The venture is so new, however, that nobody is sure what the next step will be. The group certainly isn’t saying that someday, the Strategic Radiology brand will be stamped on imaging centers across the United States, nor does it predict that Strategic Radiology will be contracting nationally with providers and payors for radiology services. These ideas are being discussed, but implementation of a thoroughgoing national imaging service of the megagroup sort is still a glimmer on most Strategic Radiology members’ horizons.
What Strategic Radiology has concentrated on, thus far, is what Van Moore calls the low-hanging fruit of expense reduction: consortium-wide purchasing agreements for supplies and equipment, along with data sharing on malpractice insurance, billing practices, and other topics. Van Moore, who is a past chair of the ACR®, is president of Charlotte Radiology, a North Carolina practice that is one of Strategic Radiology’s 13 founding members. Two groups have joined since.
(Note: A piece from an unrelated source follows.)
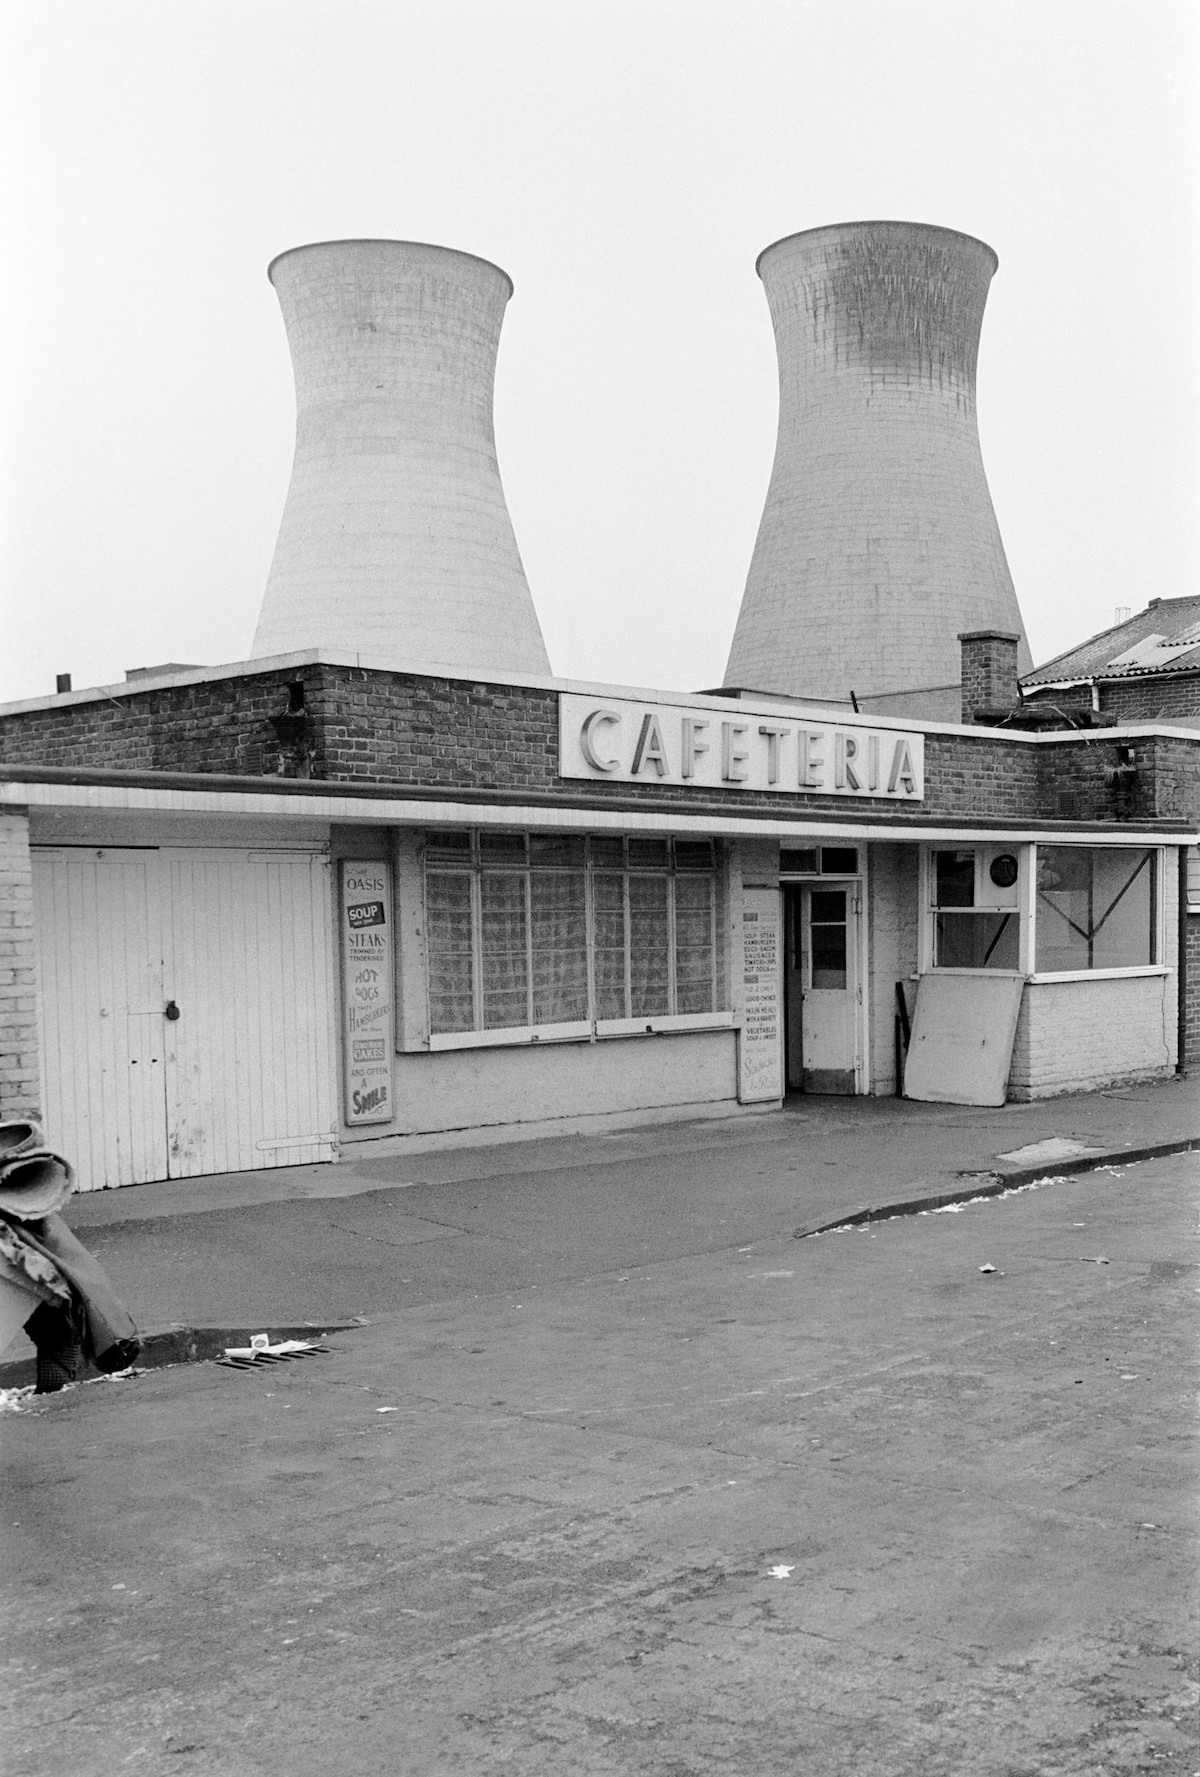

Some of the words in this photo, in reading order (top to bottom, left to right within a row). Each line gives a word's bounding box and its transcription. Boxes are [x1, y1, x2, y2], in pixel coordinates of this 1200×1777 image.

“We’re just doing the basic block-and-tackle work at this point, having taken the long view of working more closely together,” Van Moore says, adding that savings to members so far “have been more than enough to pay for the capital calls to keep the organization running.”
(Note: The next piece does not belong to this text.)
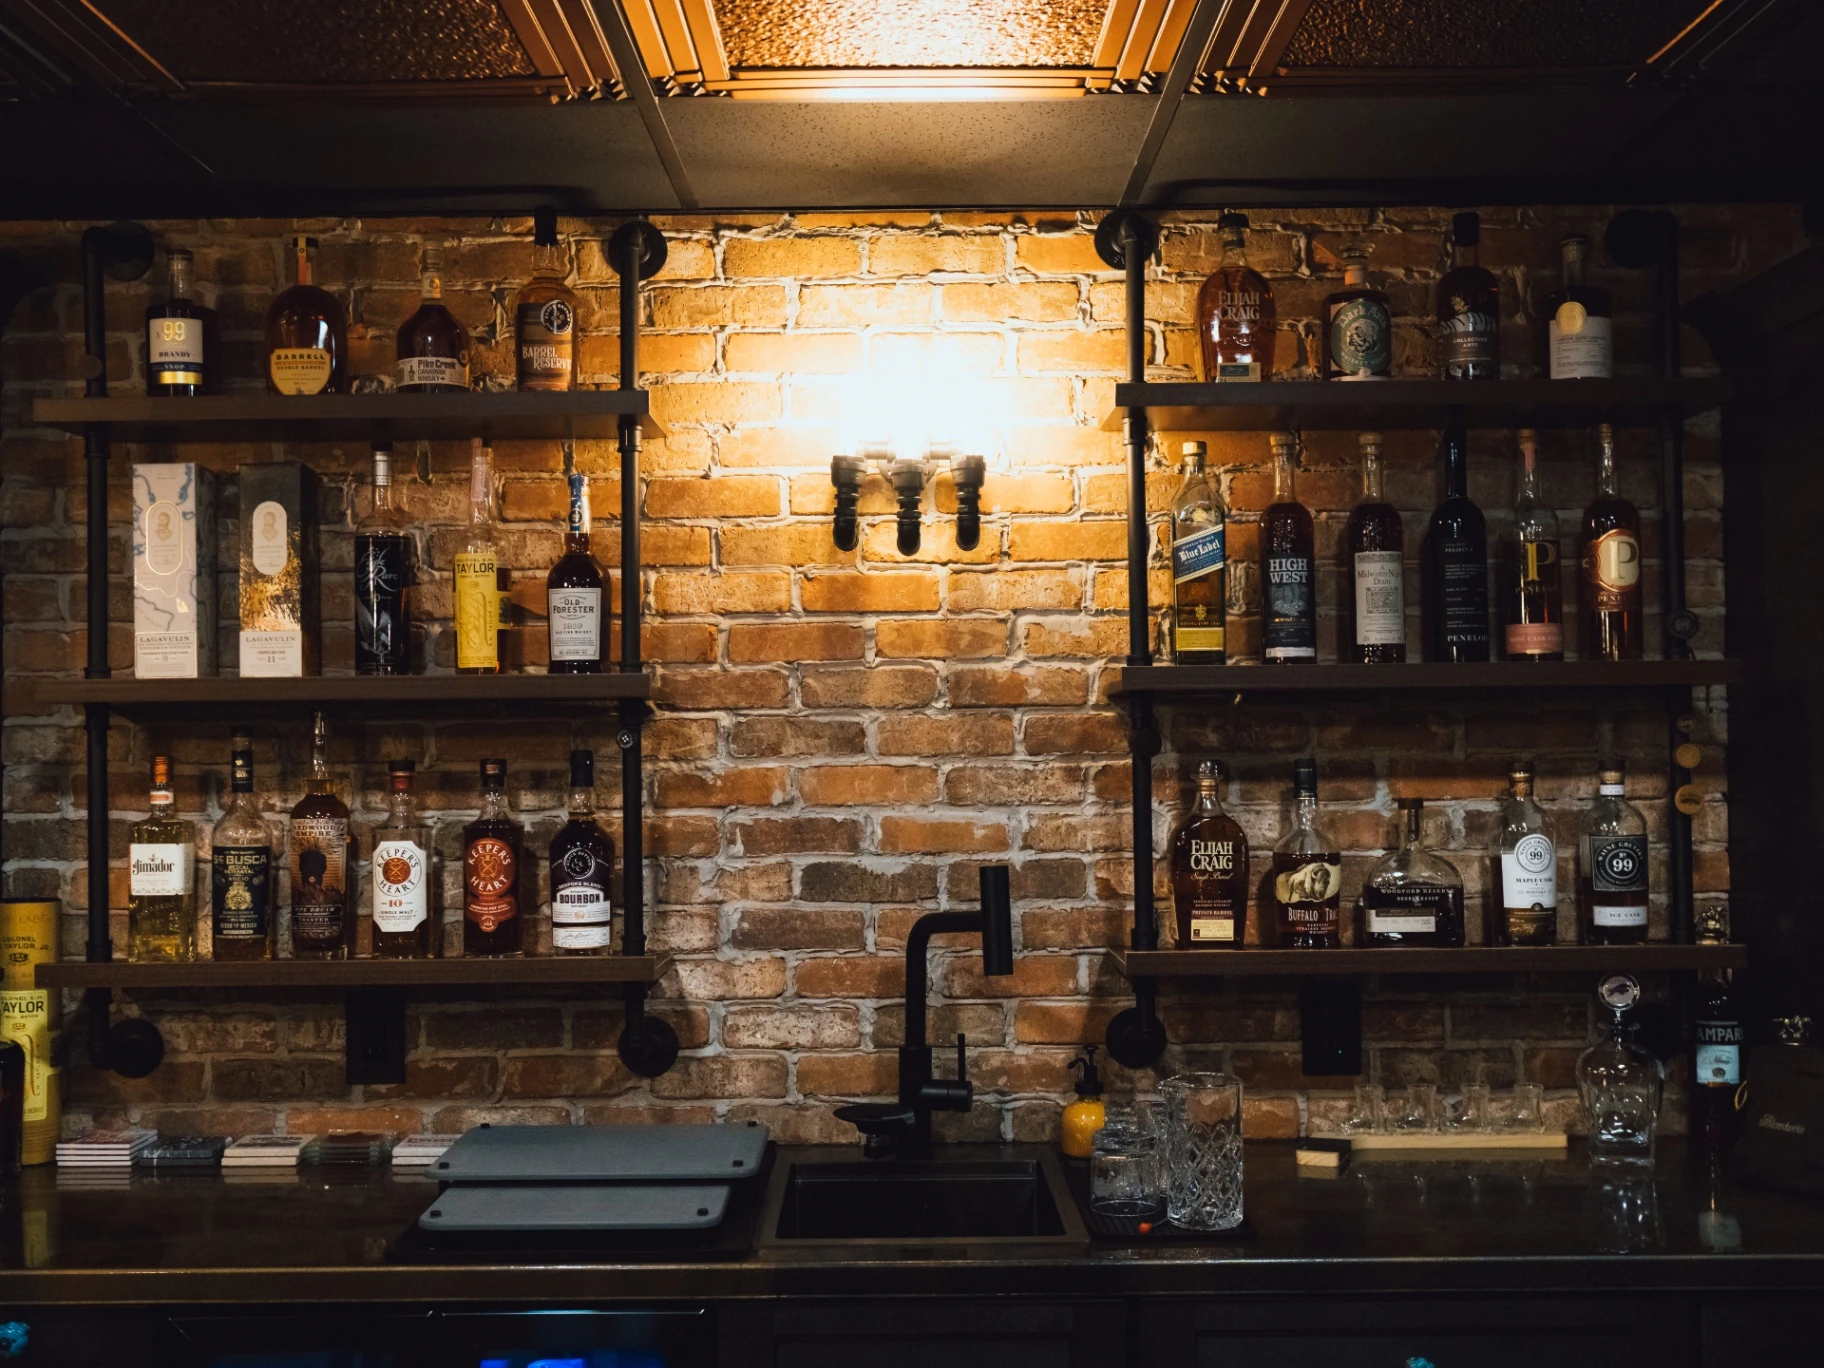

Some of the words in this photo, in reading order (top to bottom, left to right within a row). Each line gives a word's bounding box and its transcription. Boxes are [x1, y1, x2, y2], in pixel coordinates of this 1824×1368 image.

According to Steve Duvoisin, CEO of Inland Imaging, LLC (a Spokane, Washington, practice that is another of Strategic Radiology’s founding members), the savings seen through information sharing have, in some instances, been considerable. When Strategic Radiology’s members compared notes on malpractice insurance, he says, one group decided that the premiums for the coverage levels of $5 million per occurrence and $9 million per year were excessive. It followed the lead of most other members by cutting coverage back to $3 million per occurrence and $5 million per year. “It saved $140,000 per year,” Duvoisin says.
“As we saw the evolution of radiology, we felt it was time for radiology groups to start working more closely together. There had been wake-up calls that things were changing.”
—Steve Duvoisin, finance chair,
Strategic Radiology, Chicago, IL
Both Van Moore and Duvoisin (Strategic Radiology’s finance chair) stress that Strategic Radiology is owned and operated by radiologists; this is something that the founding groups, themselves radiologist-owned entities, demanded from the very beginning. “We saw a need and wanted it physician owned and run,” Van Moore says.
Indeed, there is no doubt that the consortium’s fundamental reason for being is to retain a radiologist’s hand on the tiller as the industry is reshaped by health reform, pay for performance, sophisticated utilization management, and the increasing shifting of private physician practices into hospital ownership.¹ “We have no plans to go public,” Duvoisin says. “We’re there to serve our members.”
How Strategic Radiology Began
Whether Strategic Radiology was born abruptly or emerged from a long developmental process depends on who’s telling the story. The versions of administrators and physicians are not contradictory, however. According to Duvoisin and others, administrators from Strategic Radiology’s founding groups had been seeing and talking to each other for years at meetings.
“As we saw the evolution of radiology, we felt it was time for radiology groups to start working more closely together,” Duvoisin says. “There had been wake-up calls that things were changing.”